Islam sebagai agama sekaligus mabda’ telah sempurna dalam mengatur kehidupan manusia. Islam menyuguhkan visi politik baru yang sama sekali berbeda dengan visi politik ideologi lainnya. Solusi yang ditawarkan Islam tak hanya berlaku bagi global, namun juga Indonesia agar terlepas dari belenggu hegemoni negara kafir imperialis. Dalam Islam, mewujudkan kemandirian pangan bukan semata-mata tanggung jawab rakyat, melainkan tanggung jawab negara.
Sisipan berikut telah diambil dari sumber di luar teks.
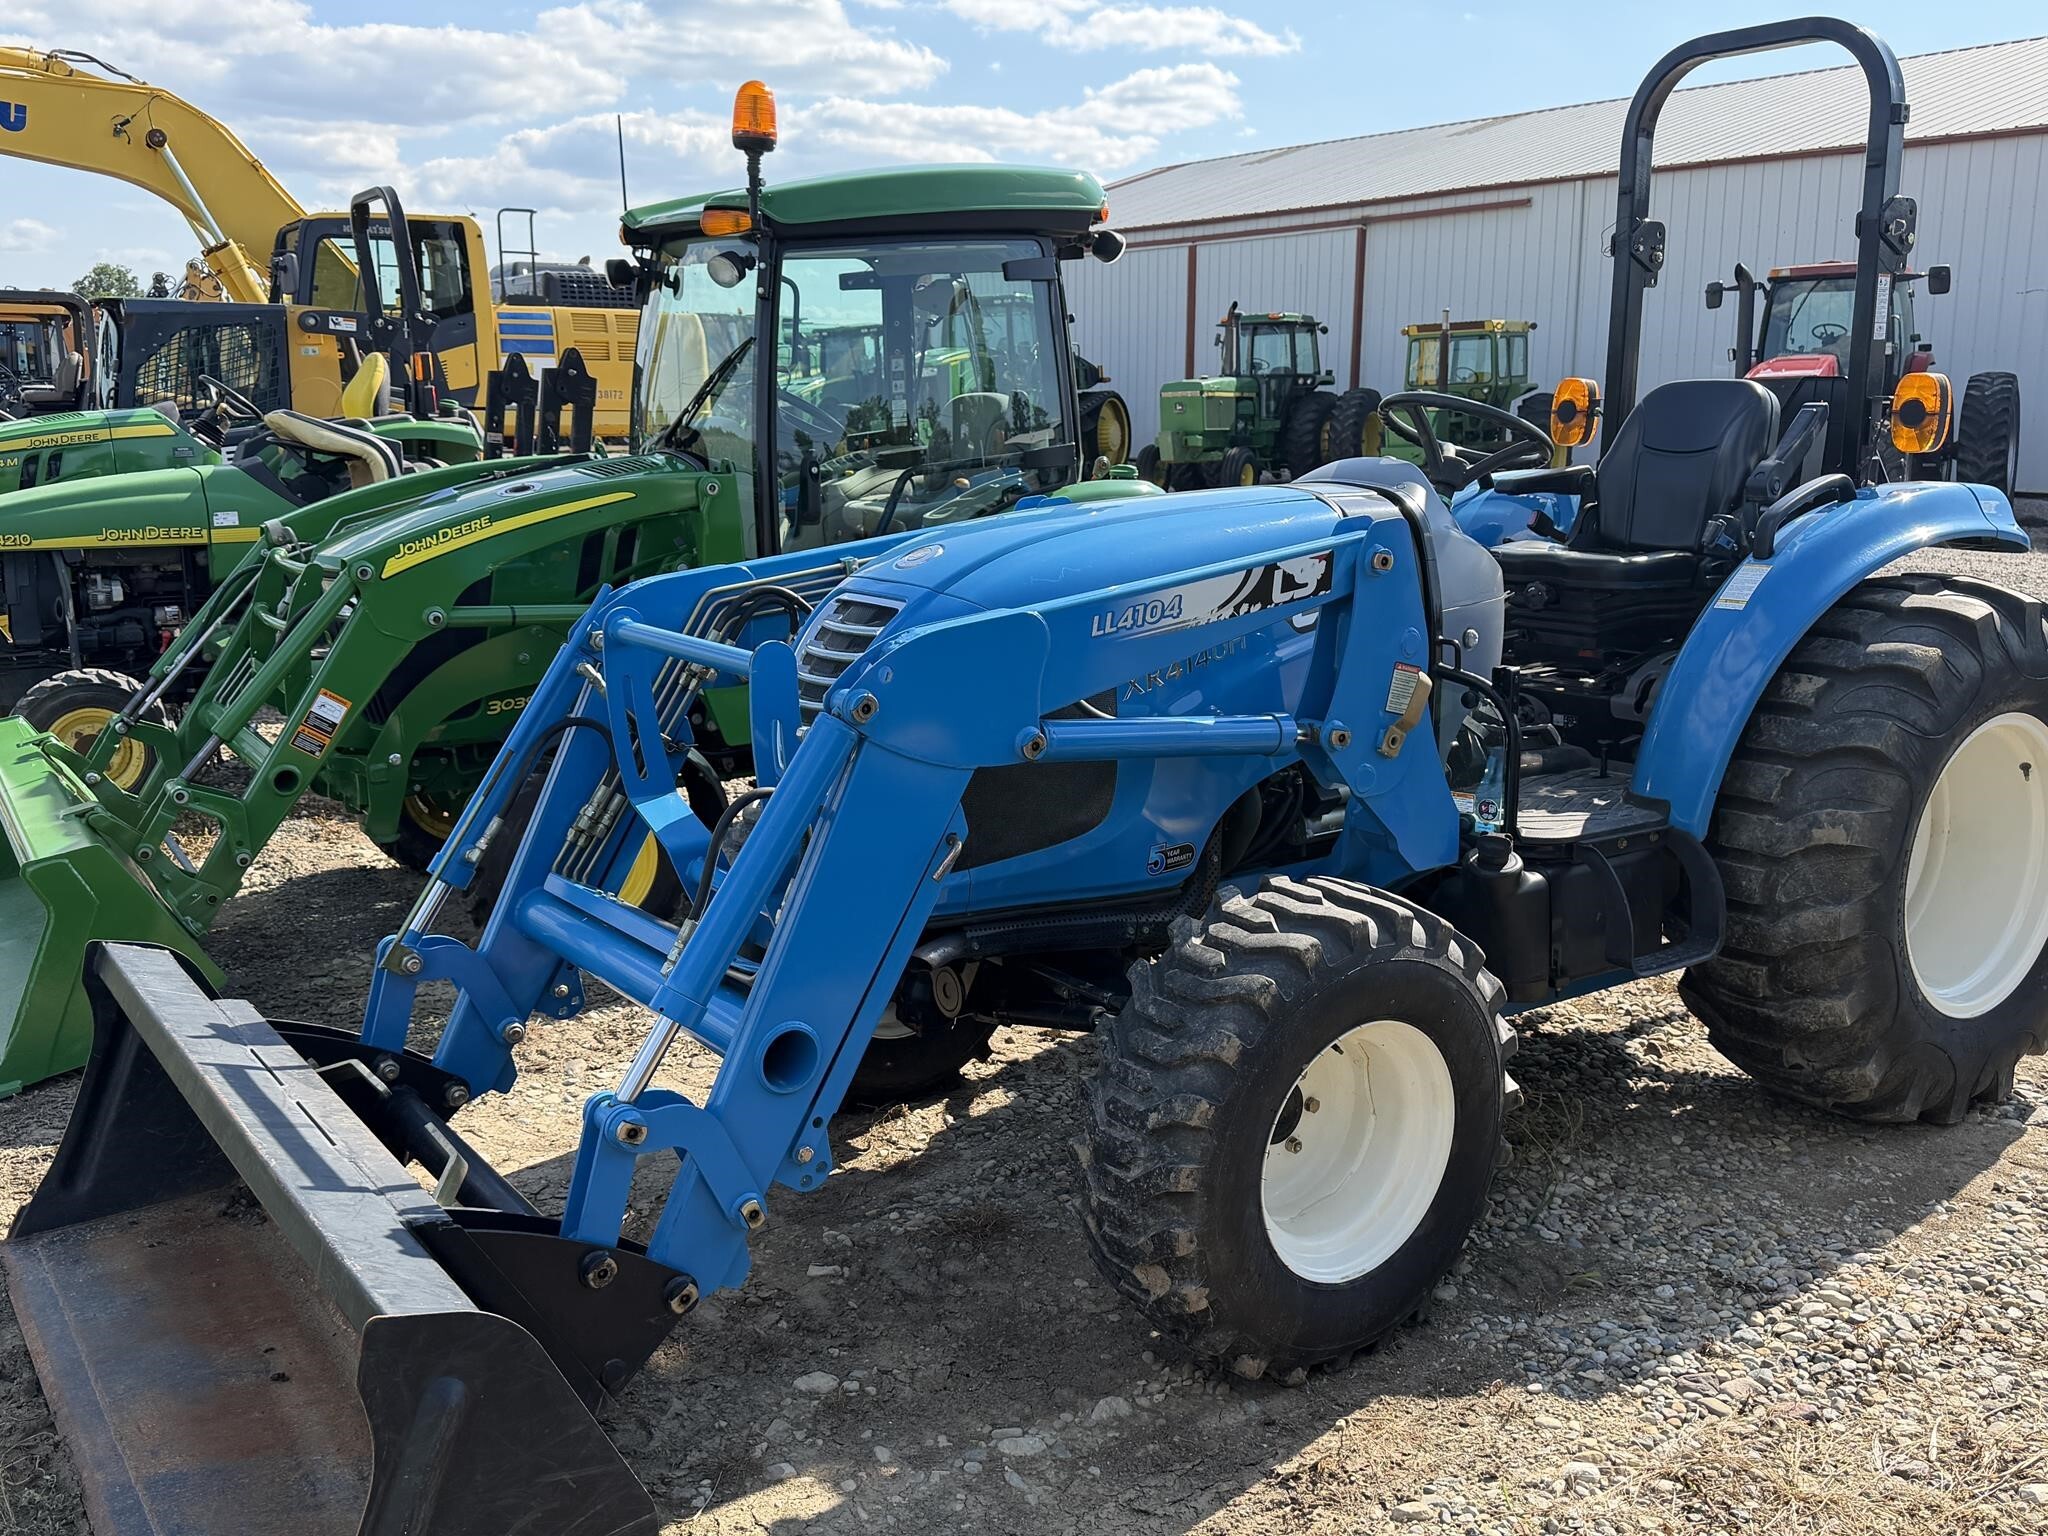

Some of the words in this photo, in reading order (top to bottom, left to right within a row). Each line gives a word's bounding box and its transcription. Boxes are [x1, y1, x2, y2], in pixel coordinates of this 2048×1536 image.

[343, 225, 392, 234] KATSU
[27, 437, 59, 447] JOHN
[61, 433, 99, 443] DEERE
[96, 527, 143, 540] JOHN
[145, 526, 202, 539] DEERE
[394, 534, 437, 558] JOHN
[438, 515, 492, 543] DEERE
[1091, 594, 1182, 638] LL4104
[1147, 843, 1166, 875] 5
[1167, 852, 1192, 865] WARRANTY
Bertolak belakang dengan ideologi kapitalisme yang menjadikan negara berlepas tangan dan mengedepankan peran pasar sebagai langkah mewujudkan ketahanan pangan dan ekonomi negara, Islam justru sebaliknya. Rasulullah SAW bersabda yang artinya, “Imam adalah penggembala (ra’in) dan ia bertanggung jawab untuk orang-orang yang digembalakannya.” (HR. Bukhari).

Negara Islam berperan dalam melindungi, mengayomi, dan menjamin kesejahteraan rakyat. Politik ekonomi Islam tidak akan mau tunduk pada regulasi asing yang menindas negeri-negeri muslim. Dalam Islam, sumber daya alam akan dikelola dengan maksimal agar dapat mencukupi kebutuhan rakyatnya. Negara tidak akan menyia-nyiakan sumber daya alam yang ada apalagi menyerahkannya kepada asing sebab syariat Islam telah mengharamkan yang demikian. Allah SWT berfirman yang artinya, “… Dan Allah sekali-kali tidak akan memberi jalan kepada orang-orang kafir untuk menguasai orang-orang yang beriman.” (QS. An-Nisa:141)
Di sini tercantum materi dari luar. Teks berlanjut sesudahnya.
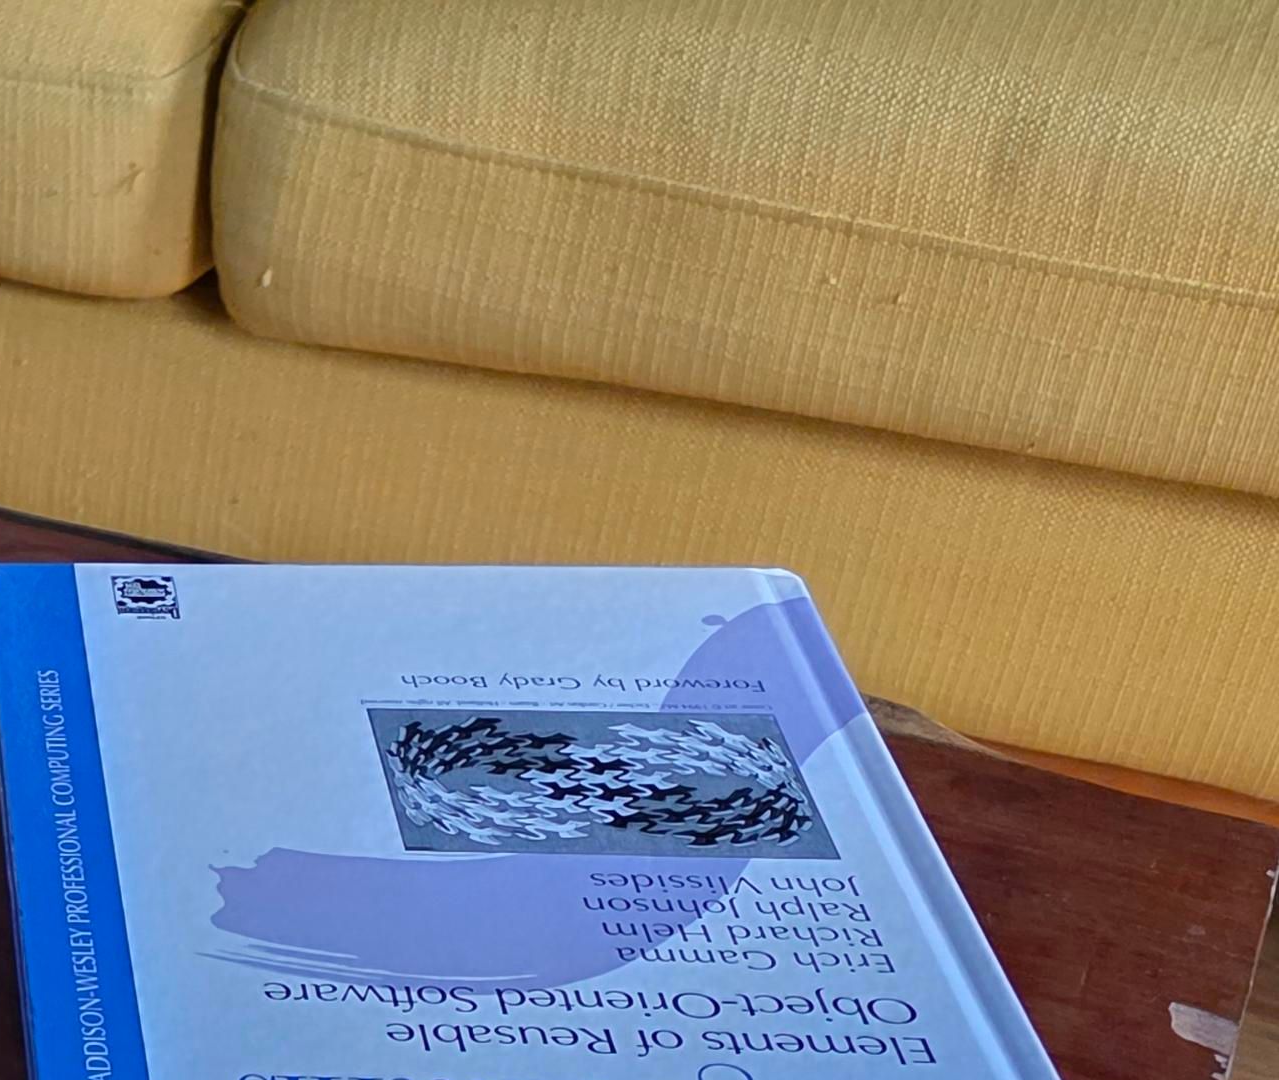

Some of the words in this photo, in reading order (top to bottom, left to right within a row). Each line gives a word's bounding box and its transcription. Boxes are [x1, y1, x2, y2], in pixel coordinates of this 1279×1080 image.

Maka satu-satunya solusi agar negeri-negeri muslim terlepas dari hegemoni asing adalah dengan kembali membumikan aturan Islam. Dengannya, Allah akan mengangkat segala penderitaan umat Islam, mengangkat derajatnya menjadi umat terbaik, serta melimpahkan ampunan dan berkah-Nya kepada penduduk negeri di dalamnya. Ingatlah firman Allah SWT dalam Al-Qur'an yang artinya, “Dan sekiranya penduduk negeri beriman dan bertakwa, pasti Kami akan melimpahkan kepada mereka berkah dari langit dan bumi, tetapi ternyata mereka mendustakan (para Rasul), maka Kami siksa mereka sesuai dengan apa yang telah mereka kerjakan.” (TQS. Al-A’raf:96)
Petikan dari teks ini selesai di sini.